**Work required:** Without the pictures, write out every entry that follows exactly.

**Data for this exercise:**
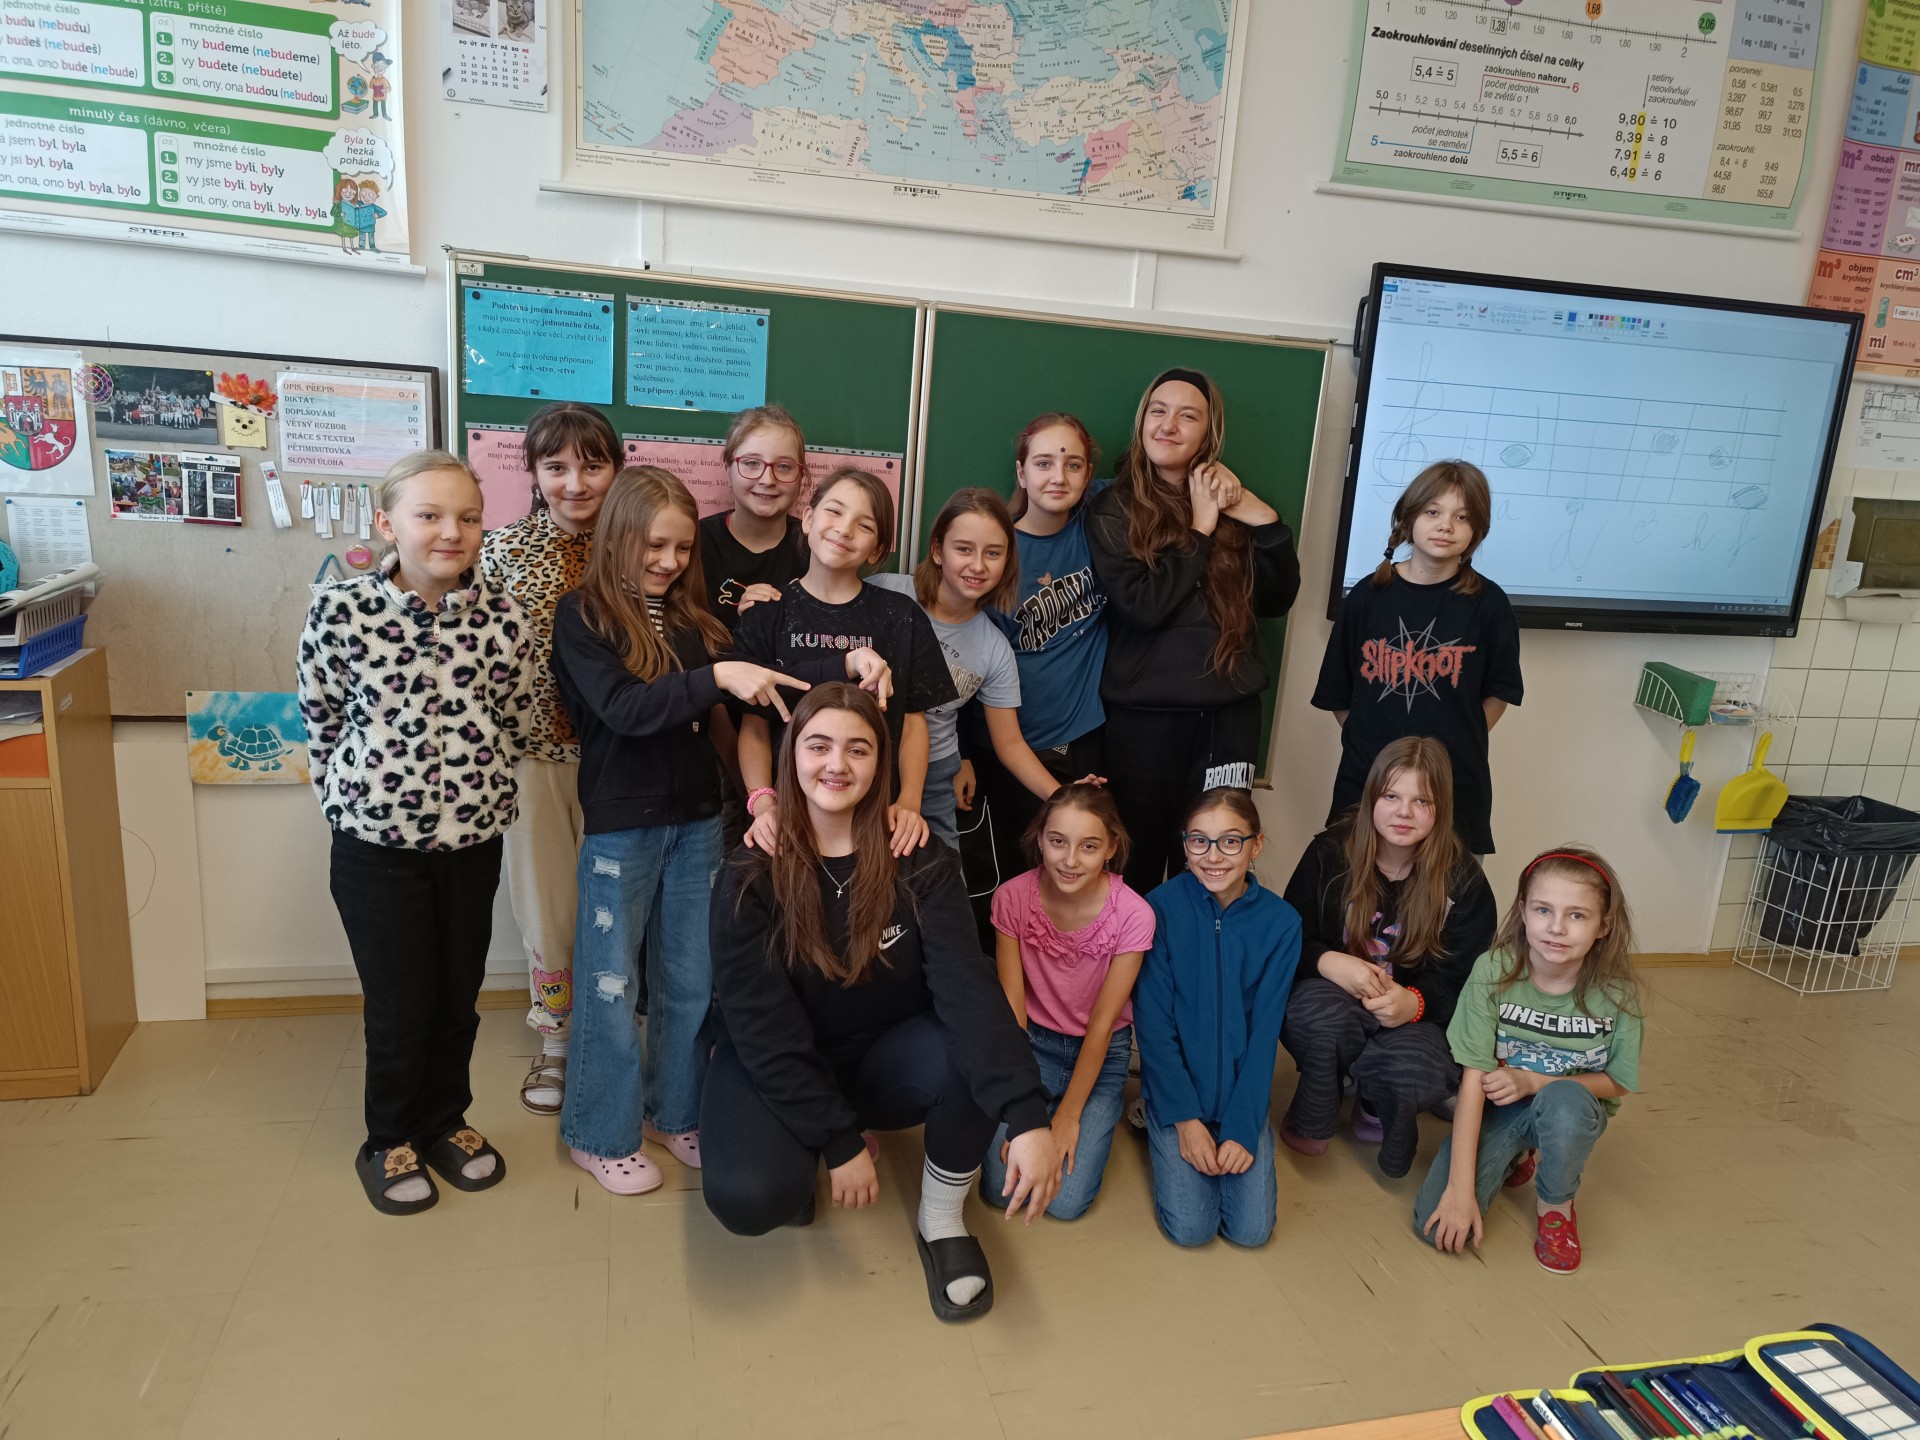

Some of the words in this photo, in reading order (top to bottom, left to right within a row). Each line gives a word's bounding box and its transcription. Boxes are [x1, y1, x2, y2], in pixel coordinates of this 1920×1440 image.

[187, 2, 227, 17] příště)
[6, 15, 35, 28] budu
[39, 18, 90, 34] (nebudu)
[189, 21, 235, 36] množné
[238, 27, 263, 40] číslo
[1491, 18, 1506, 33] 1,39
[1699, 18, 1716, 30] 2,06
[338, 28, 350, 38] Až
[352, 30, 376, 40] bude
[700, 12, 733, 61] PORTUGALSKO
[6, 34, 41, 48] budeš
[44, 38, 102, 55] (nebudeš)
[181, 36, 199, 49] my
[202, 38, 250, 55] budeme
[252, 46, 320, 66] (nebudeme)
[341, 39, 362, 50] léto.
[1371, 26, 1458, 50] Zaokrouhlování
[1459, 40, 1518, 60] desetinných
[1520, 48, 1544, 63] čísel
[1544, 54, 1557, 66] na
[1558, 56, 1584, 71] celky
[61, 60, 88, 73] bude
[90, 65, 138, 80] (nebude)
[182, 56, 195, 69] vy
[198, 57, 238, 73] budete
[242, 64, 303, 82] (nebudete)
[1414, 64, 1433, 79] 5,4
[1446, 69, 1455, 81] 5
[1484, 64, 1536, 80] zaokrouhleno
[1537, 72, 1567, 84] nahoru
[1652, 74, 1674, 84] setiny
[225, 82, 244, 93] ona
[246, 83, 278, 98] budou
[280, 87, 328, 105] (nebudou)
[1647, 94, 1698, 108] zaokrouhlení
[1376, 90, 1389, 101] 5,0
[1396, 92, 1407, 102] 5,1
[1415, 94, 1428, 106] 5,2
[1434, 98, 1447, 108] 5,3
[1454, 100, 1466, 110] 5,4
[1472, 102, 1485, 113] 5,5
[1491, 104, 1504, 116] 5,6
[1510, 107, 1522, 118] 5,7
[1528, 110, 1541, 121] 5,8
[1546, 112, 1559, 123] 5,9
[1564, 115, 1577, 126] 6,0
[69, 107, 115, 122] minulý
[118, 113, 140, 124] čas
[144, 114, 190, 131] (dávno,
[194, 121, 231, 136] včera)
[1618, 112, 1646, 126] 9,80
[1663, 118, 1678, 130] 10
[1412, 124, 1435, 136] počet
[1435, 126, 1470, 140] jednotek
[1615, 130, 1642, 144] 8,39
[1660, 134, 1668, 146] 8
[344, 134, 364, 146] Byla
[366, 137, 376, 146] to
[1428, 138, 1438, 147] se
[1438, 138, 1468, 151] nemění
[347, 145, 374, 156] hezká
[846, 136, 861, 167] TUNISKO
[1394, 148, 1448, 163] zaokrouhleno
[1450, 153, 1469, 165] dolů
[1500, 147, 1518, 160] 5,5
[1530, 151, 1539, 163] 6
[1614, 148, 1638, 162] 7,91
[1657, 152, 1666, 164] 8
[340, 156, 382, 168] pohádka.
[1870, 153, 1896, 164] obsah
[185, 155, 203, 168] my
[206, 156, 232, 170] jsme
[261, 163, 285, 178] byly
[1610, 166, 1636, 179] 6,49
[1654, 169, 1662, 181] 6
[186, 175, 200, 188] vy
[202, 176, 221, 188] jste
[250, 181, 274, 196] byly
[894, 186, 942, 195] STIEFEL
[232, 199, 252, 210] ona
[305, 206, 328, 219] byla
[129, 226, 188, 238] STIEFEL
[1848, 263, 1874, 274] objem
[1854, 285, 1871, 293] metr
[555, 308, 593, 318] hromadná
[541, 318, 582, 329] jednotného
[1869, 334, 1888, 350] ml
[306, 383, 335, 392] PŘEPIS
[284, 396, 314, 404] DIKTÁT
[286, 407, 336, 418] DOPLŇOVÁNÍ
[286, 420, 312, 428] VĚTNÝ
[314, 422, 346, 430] ROZBOR
[286, 432, 314, 440] PRÁCE
[322, 434, 356, 443] TEXTEM
[288, 444, 352, 454] PĚTIMINUTOVKA
[288, 456, 316, 464] SLOVNÍ
[318, 457, 344, 466] ÚLOHA
[790, 633, 873, 650] KUROMI
[951, 648, 960, 658] TO
[882, 924, 902, 940] NIKE
[1500, 1002, 1614, 1036] MINECRAFT

**Result below:**
Some of the words in this photo, in reading order (top to bottom, left to right within a row). Each line gives a word's bounding box and its transcription. Boxes are [x1, y1, x2, y2], in pixel coordinates of this 1920×1440 image.

[187, 2, 227, 17] příště)
[6, 15, 35, 28] budu
[39, 18, 90, 34] (nebudu)
[189, 21, 235, 36] množné
[238, 27, 263, 40] číslo
[1491, 18, 1506, 33] 1,39
[1699, 18, 1716, 30] 2,06
[338, 28, 350, 38] Až
[352, 30, 376, 40] bude
[700, 12, 733, 61] PORTUGALSKO
[6, 34, 41, 48] budeš
[44, 38, 102, 55] (nebudeš)
[181, 36, 199, 49] my
[202, 38, 250, 55] budeme
[252, 46, 320, 66] (nebudeme)
[341, 39, 362, 50] léto.
[1371, 26, 1458, 50] Zaokrouhlování
[1459, 40, 1518, 60] desetinných
[1520, 48, 1544, 63] čísel
[1544, 54, 1557, 66] na
[1558, 56, 1584, 71] celky
[61, 60, 88, 73] bude
[90, 65, 138, 80] (nebude)
[182, 56, 195, 69] vy
[198, 57, 238, 73] budete
[242, 64, 303, 82] (nebudete)
[1414, 64, 1433, 79] 5,4
[1446, 69, 1455, 81] 5
[1484, 64, 1536, 80] zaokrouhleno
[1537, 72, 1567, 84] nahoru
[1652, 74, 1674, 84] setiny
[225, 82, 244, 93] ona
[246, 83, 278, 98] budou
[280, 87, 328, 105] (nebudou)
[1647, 94, 1698, 108] zaokrouhlení
[1376, 90, 1389, 101] 5,0
[1396, 92, 1407, 102] 5,1
[1415, 94, 1428, 106] 5,2
[1434, 98, 1447, 108] 5,3
[1454, 100, 1466, 110] 5,4
[1472, 102, 1485, 113] 5,5
[1491, 104, 1504, 116] 5,6
[1510, 107, 1522, 118] 5,7
[1528, 110, 1541, 121] 5,8
[1546, 112, 1559, 123] 5,9
[1564, 115, 1577, 126] 6,0
[69, 107, 115, 122] minulý
[118, 113, 140, 124] čas
[144, 114, 190, 131] (dávno,
[194, 121, 231, 136] včera)
[1618, 112, 1646, 126] 9,80
[1663, 118, 1678, 130] 10
[1412, 124, 1435, 136] počet
[1435, 126, 1470, 140] jednotek
[1615, 130, 1642, 144] 8,39
[1660, 134, 1668, 146] 8
[344, 134, 364, 146] Byla
[366, 137, 376, 146] to
[1428, 138, 1438, 147] se
[1438, 138, 1468, 151] nemění
[347, 145, 374, 156] hezká
[846, 136, 861, 167] TUNISKO
[1394, 148, 1448, 163] zaokrouhleno
[1450, 153, 1469, 165] dolů
[1500, 147, 1518, 160] 5,5
[1530, 151, 1539, 163] 6
[1614, 148, 1638, 162] 7,91
[1657, 152, 1666, 164] 8
[340, 156, 382, 168] pohádka.
[1870, 153, 1896, 164] obsah
[185, 155, 203, 168] my
[206, 156, 232, 170] jsme
[261, 163, 285, 178] byly
[1610, 166, 1636, 179] 6,49
[1654, 169, 1662, 181] 6
[186, 175, 200, 188] vy
[202, 176, 221, 188] jste
[250, 181, 274, 196] byly
[894, 186, 942, 195] STIEFEL
[232, 199, 252, 210] ona
[305, 206, 328, 219] byla
[129, 226, 188, 238] STIEFEL
[1848, 263, 1874, 274] objem
[1854, 285, 1871, 293] metr
[555, 308, 593, 318] hromadná
[541, 318, 582, 329] jednotného
[1869, 334, 1888, 350] ml
[306, 383, 335, 392] PŘEPIS
[284, 396, 314, 404] DIKTÁT
[286, 407, 336, 418] DOPLŇOVÁNÍ
[286, 420, 312, 428] VĚTNÝ
[314, 422, 346, 430] ROZBOR
[286, 432, 314, 440] PRÁCE
[322, 434, 356, 443] TEXTEM
[288, 444, 352, 454] PĚTIMINUTOVKA
[288, 456, 316, 464] SLOVNÍ
[318, 457, 344, 466] ÚLOHA
[790, 633, 873, 650] KUROMI
[951, 648, 960, 658] TO
[882, 924, 902, 940] NIKE
[1500, 1002, 1614, 1036] MINECRAFT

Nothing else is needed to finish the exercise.